■ Exercise instructions: The output must start at the line containing "this 1280×960 image." in the records below and stop at the last line, matching each line exactly and leaving out every picture.

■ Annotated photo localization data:
-------------------------

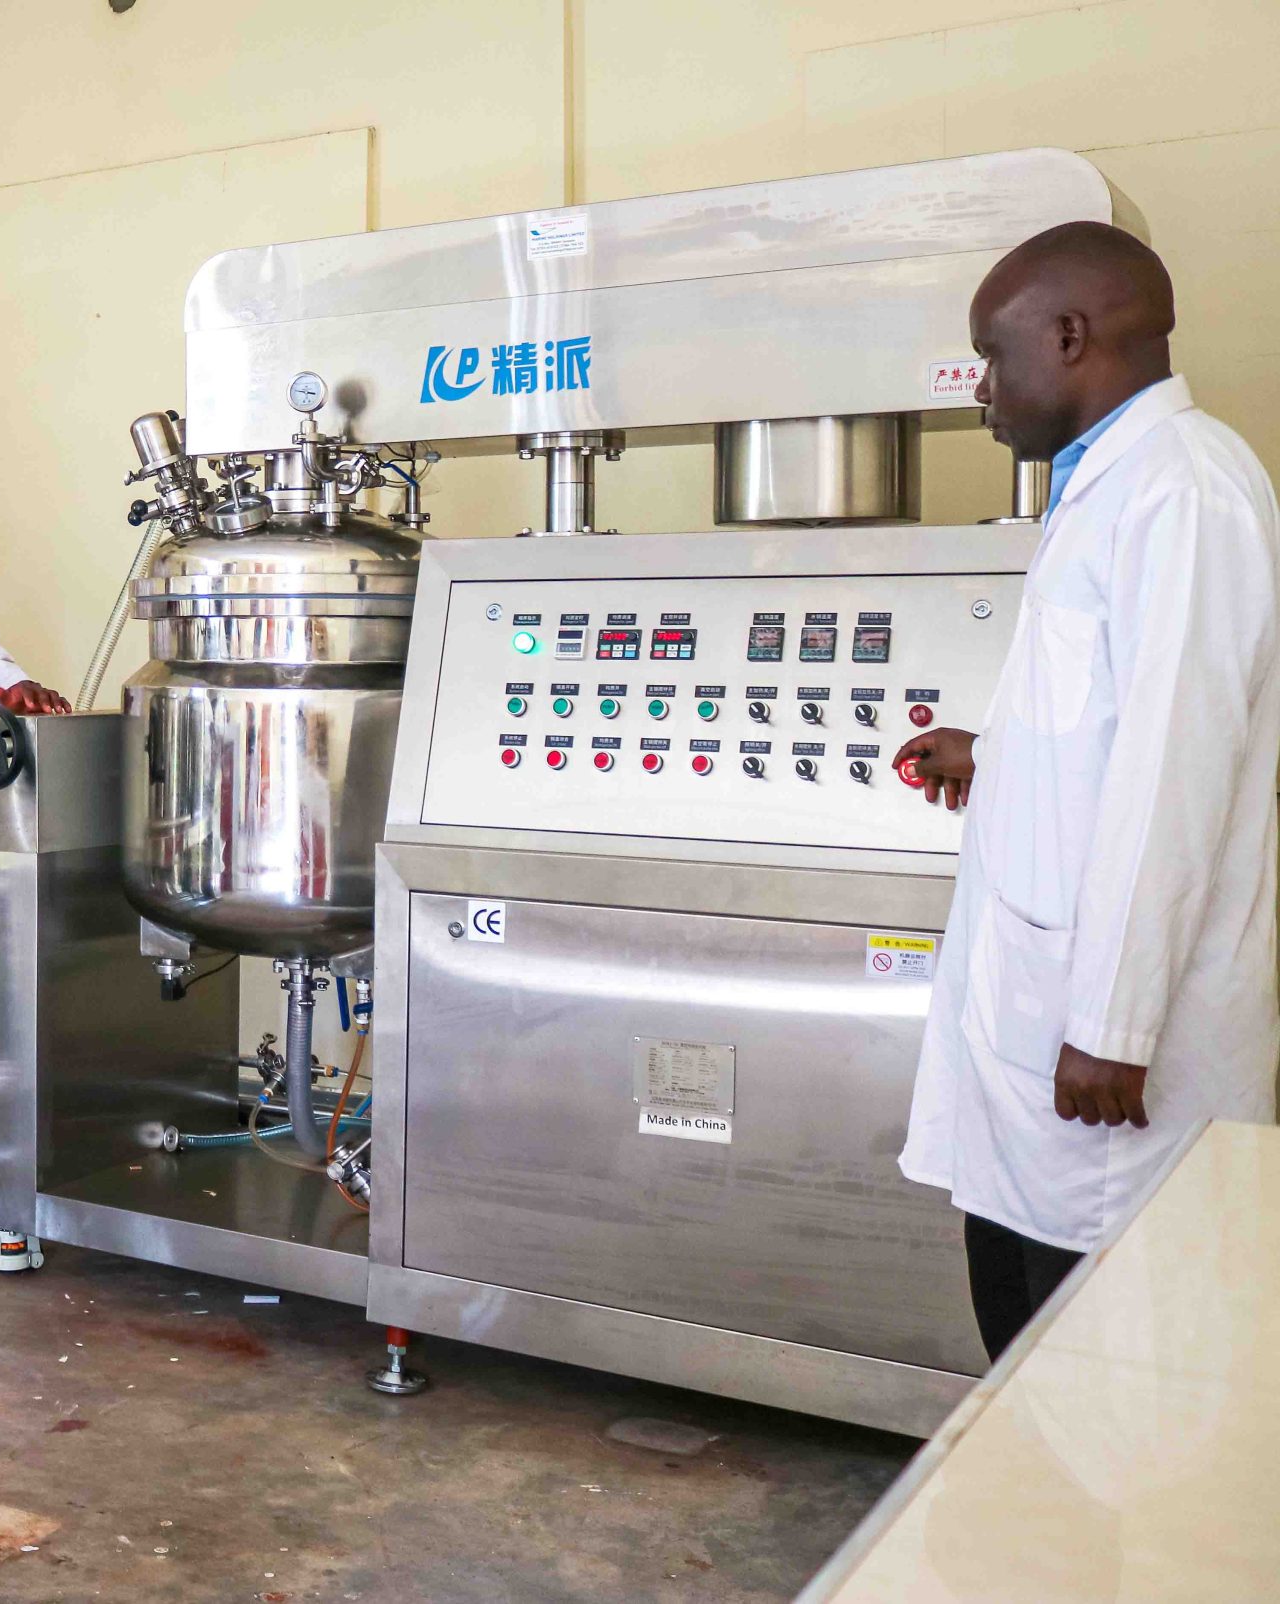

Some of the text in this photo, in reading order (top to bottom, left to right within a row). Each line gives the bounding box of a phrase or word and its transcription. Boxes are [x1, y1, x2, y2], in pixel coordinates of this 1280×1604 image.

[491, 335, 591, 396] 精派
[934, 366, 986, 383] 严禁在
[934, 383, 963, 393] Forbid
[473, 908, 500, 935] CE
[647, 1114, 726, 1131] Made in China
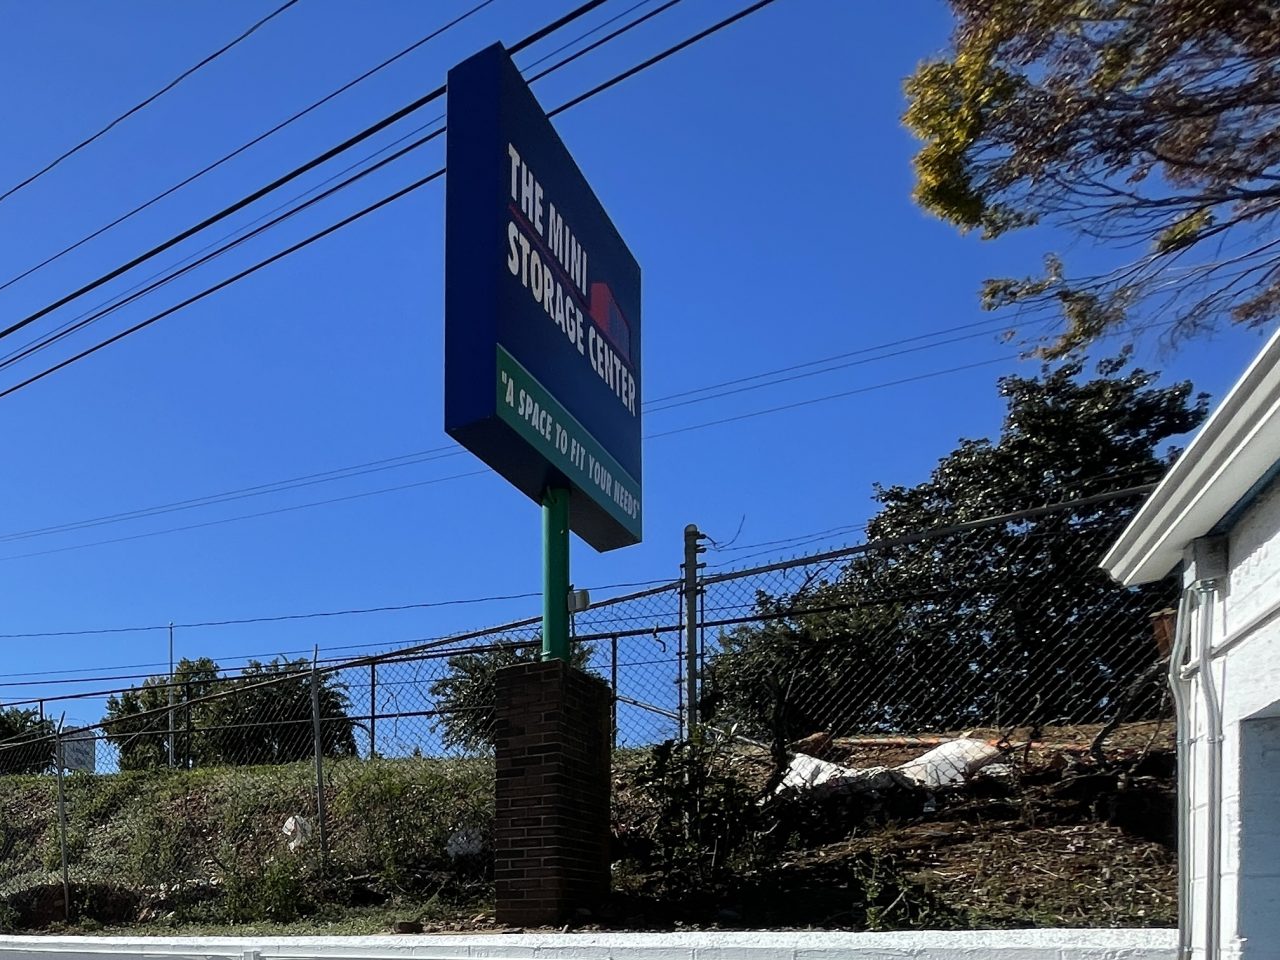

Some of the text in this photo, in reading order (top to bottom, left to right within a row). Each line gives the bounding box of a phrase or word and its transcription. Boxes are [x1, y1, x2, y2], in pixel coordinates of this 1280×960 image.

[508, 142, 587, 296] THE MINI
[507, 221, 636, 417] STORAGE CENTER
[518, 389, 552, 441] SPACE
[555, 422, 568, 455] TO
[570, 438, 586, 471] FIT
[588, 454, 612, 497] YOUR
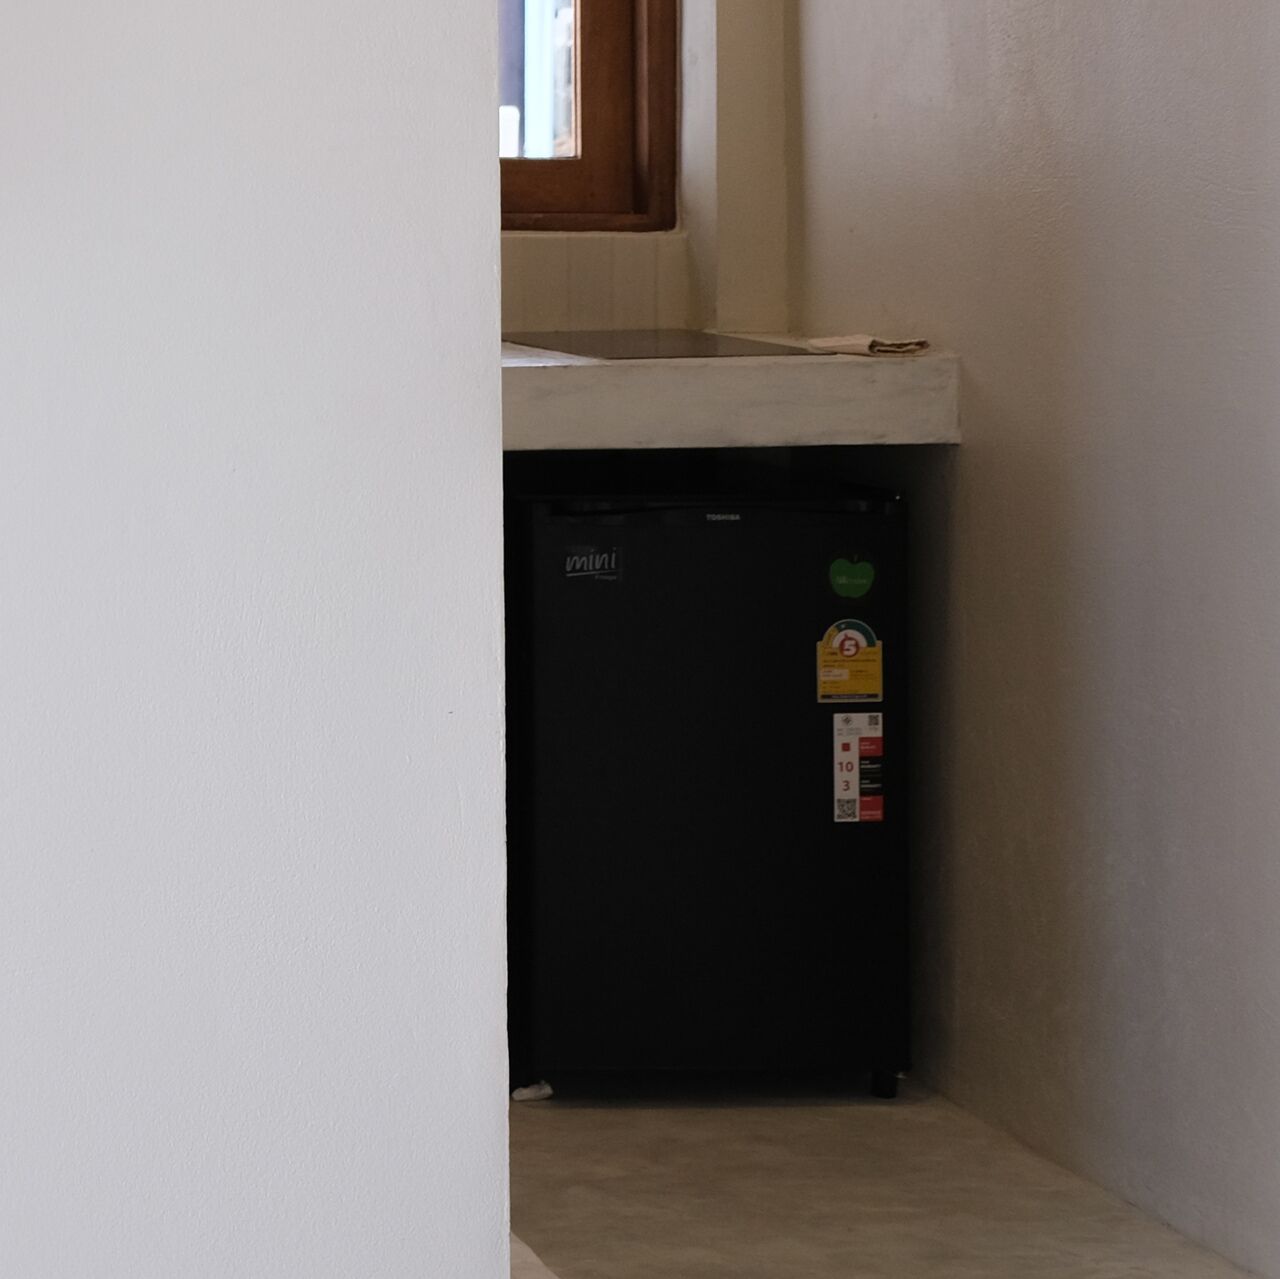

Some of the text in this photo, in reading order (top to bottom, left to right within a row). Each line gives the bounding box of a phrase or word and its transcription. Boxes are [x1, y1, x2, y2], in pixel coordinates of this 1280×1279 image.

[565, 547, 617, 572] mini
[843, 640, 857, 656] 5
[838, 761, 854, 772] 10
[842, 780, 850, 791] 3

-------------------------

■ Task result:
Some of the text in this photo, in reading order (top to bottom, left to right within a row). Each line gives the bounding box of a phrase or word and its transcription. Boxes are [x1, y1, x2, y2], in pixel coordinates of this 1280×960 image.

[508, 142, 587, 296] THE MINI
[507, 221, 636, 417] STORAGE CENTER
[518, 389, 552, 441] SPACE
[555, 422, 568, 455] TO
[570, 438, 586, 471] FIT
[588, 454, 612, 497] YOUR

Some of the text in this photo, in reading order (top to bottom, left to right within a row). Each line gives the bounding box of a phrase or word and its transcription. Boxes are [x1, y1, x2, y2], in pixel coordinates of this 1280×1279 image.

[565, 547, 617, 572] mini
[843, 640, 857, 656] 5
[838, 761, 854, 772] 10
[842, 780, 850, 791] 3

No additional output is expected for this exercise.